## What to work on
Reproduce every record below, character by character.

Saved data entries
--------
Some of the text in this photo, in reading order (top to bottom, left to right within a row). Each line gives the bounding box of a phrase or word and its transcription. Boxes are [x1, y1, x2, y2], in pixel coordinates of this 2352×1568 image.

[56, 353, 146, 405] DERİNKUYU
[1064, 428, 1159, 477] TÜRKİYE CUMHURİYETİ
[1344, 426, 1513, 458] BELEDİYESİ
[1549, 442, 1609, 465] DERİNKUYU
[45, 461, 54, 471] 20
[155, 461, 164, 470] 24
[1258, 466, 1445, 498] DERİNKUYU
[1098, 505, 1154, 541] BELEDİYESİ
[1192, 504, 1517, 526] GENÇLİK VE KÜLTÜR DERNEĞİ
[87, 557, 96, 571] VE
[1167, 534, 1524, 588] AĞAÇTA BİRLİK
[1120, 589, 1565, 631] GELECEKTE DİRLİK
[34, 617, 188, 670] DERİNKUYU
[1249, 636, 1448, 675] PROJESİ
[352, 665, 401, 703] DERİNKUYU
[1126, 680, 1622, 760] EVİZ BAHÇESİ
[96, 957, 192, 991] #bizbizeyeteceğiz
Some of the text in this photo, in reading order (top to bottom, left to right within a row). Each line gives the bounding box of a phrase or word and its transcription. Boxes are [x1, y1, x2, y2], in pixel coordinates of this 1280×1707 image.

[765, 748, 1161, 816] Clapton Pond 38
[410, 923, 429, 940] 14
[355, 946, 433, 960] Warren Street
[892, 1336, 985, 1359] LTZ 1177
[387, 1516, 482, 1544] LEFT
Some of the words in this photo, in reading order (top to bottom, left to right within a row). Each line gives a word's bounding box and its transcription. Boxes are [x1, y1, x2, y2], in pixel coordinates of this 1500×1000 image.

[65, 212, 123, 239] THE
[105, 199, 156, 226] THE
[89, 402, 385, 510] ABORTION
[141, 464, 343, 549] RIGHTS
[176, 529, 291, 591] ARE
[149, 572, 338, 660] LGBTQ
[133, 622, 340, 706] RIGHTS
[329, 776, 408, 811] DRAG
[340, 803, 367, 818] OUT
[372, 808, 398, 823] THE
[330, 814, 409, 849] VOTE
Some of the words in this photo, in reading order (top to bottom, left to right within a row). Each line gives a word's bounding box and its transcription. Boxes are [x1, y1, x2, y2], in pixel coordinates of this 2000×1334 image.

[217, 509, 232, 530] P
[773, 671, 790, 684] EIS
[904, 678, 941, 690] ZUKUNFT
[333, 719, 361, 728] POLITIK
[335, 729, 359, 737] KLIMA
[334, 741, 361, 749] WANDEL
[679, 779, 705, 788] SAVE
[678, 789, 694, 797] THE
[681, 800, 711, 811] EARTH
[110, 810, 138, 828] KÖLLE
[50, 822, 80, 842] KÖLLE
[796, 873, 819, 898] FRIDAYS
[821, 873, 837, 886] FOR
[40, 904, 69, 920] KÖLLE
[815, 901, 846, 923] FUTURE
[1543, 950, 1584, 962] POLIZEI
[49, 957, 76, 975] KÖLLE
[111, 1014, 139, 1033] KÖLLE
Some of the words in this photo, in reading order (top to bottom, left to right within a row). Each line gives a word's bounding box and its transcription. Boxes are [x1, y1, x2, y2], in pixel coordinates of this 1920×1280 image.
--------
## Your solution
Some of the text in this photo, in reading order (top to bottom, left to right within a row). Each line gives the bounding box of a phrase or word and its transcription. Boxes are [x1, y1, x2, y2], in pixel coordinates of this 2352×1568 image.

[56, 353, 146, 405] DERİNKUYU
[1064, 428, 1159, 477] TÜRKİYE CUMHURİYETİ
[1344, 426, 1513, 458] BELEDİYESİ
[1549, 442, 1609, 465] DERİNKUYU
[45, 461, 54, 471] 20
[155, 461, 164, 470] 24
[1258, 466, 1445, 498] DERİNKUYU
[1098, 505, 1154, 541] BELEDİYESİ
[1192, 504, 1517, 526] GENÇLİK VE KÜLTÜR DERNEĞİ
[87, 557, 96, 571] VE
[1167, 534, 1524, 588] AĞAÇTA BİRLİK
[1120, 589, 1565, 631] GELECEKTE DİRLİK
[34, 617, 188, 670] DERİNKUYU
[1249, 636, 1448, 675] PROJESİ
[352, 665, 401, 703] DERİNKUYU
[1126, 680, 1622, 760] EVİZ BAHÇESİ
[96, 957, 192, 991] #bizbizeyeteceğiz
Some of the text in this photo, in reading order (top to bottom, left to right within a row). Each line gives the bounding box of a phrase or word and its transcription. Boxes are [x1, y1, x2, y2], in pixel coordinates of this 1280×1707 image.

[765, 748, 1161, 816] Clapton Pond 38
[410, 923, 429, 940] 14
[355, 946, 433, 960] Warren Street
[892, 1336, 985, 1359] LTZ 1177
[387, 1516, 482, 1544] LEFT
Some of the words in this photo, in reading order (top to bottom, left to right within a row). Each line gives a word's bounding box and its transcription. Boxes are [x1, y1, x2, y2], in pixel coordinates of this 1500×1000 image.

[65, 212, 123, 239] THE
[105, 199, 156, 226] THE
[89, 402, 385, 510] ABORTION
[141, 464, 343, 549] RIGHTS
[176, 529, 291, 591] ARE
[149, 572, 338, 660] LGBTQ
[133, 622, 340, 706] RIGHTS
[329, 776, 408, 811] DRAG
[340, 803, 367, 818] OUT
[372, 808, 398, 823] THE
[330, 814, 409, 849] VOTE
Some of the words in this photo, in reading order (top to bottom, left to right within a row). Each line gives a word's bounding box and its transcription. Boxes are [x1, y1, x2, y2], in pixel coordinates of this 2000×1334 image.

[217, 509, 232, 530] P
[773, 671, 790, 684] EIS
[904, 678, 941, 690] ZUKUNFT
[333, 719, 361, 728] POLITIK
[335, 729, 359, 737] KLIMA
[334, 741, 361, 749] WANDEL
[679, 779, 705, 788] SAVE
[678, 789, 694, 797] THE
[681, 800, 711, 811] EARTH
[110, 810, 138, 828] KÖLLE
[50, 822, 80, 842] KÖLLE
[796, 873, 819, 898] FRIDAYS
[821, 873, 837, 886] FOR
[40, 904, 69, 920] KÖLLE
[815, 901, 846, 923] FUTURE
[1543, 950, 1584, 962] POLIZEI
[49, 957, 76, 975] KÖLLE
[111, 1014, 139, 1033] KÖLLE
Some of the words in this photo, in reading order (top to bottom, left to right within a row). Each line gives a word's bounding box and its transcription. Boxes are [x1, y1, x2, y2], in pixel coordinates of this 1920×1280 image.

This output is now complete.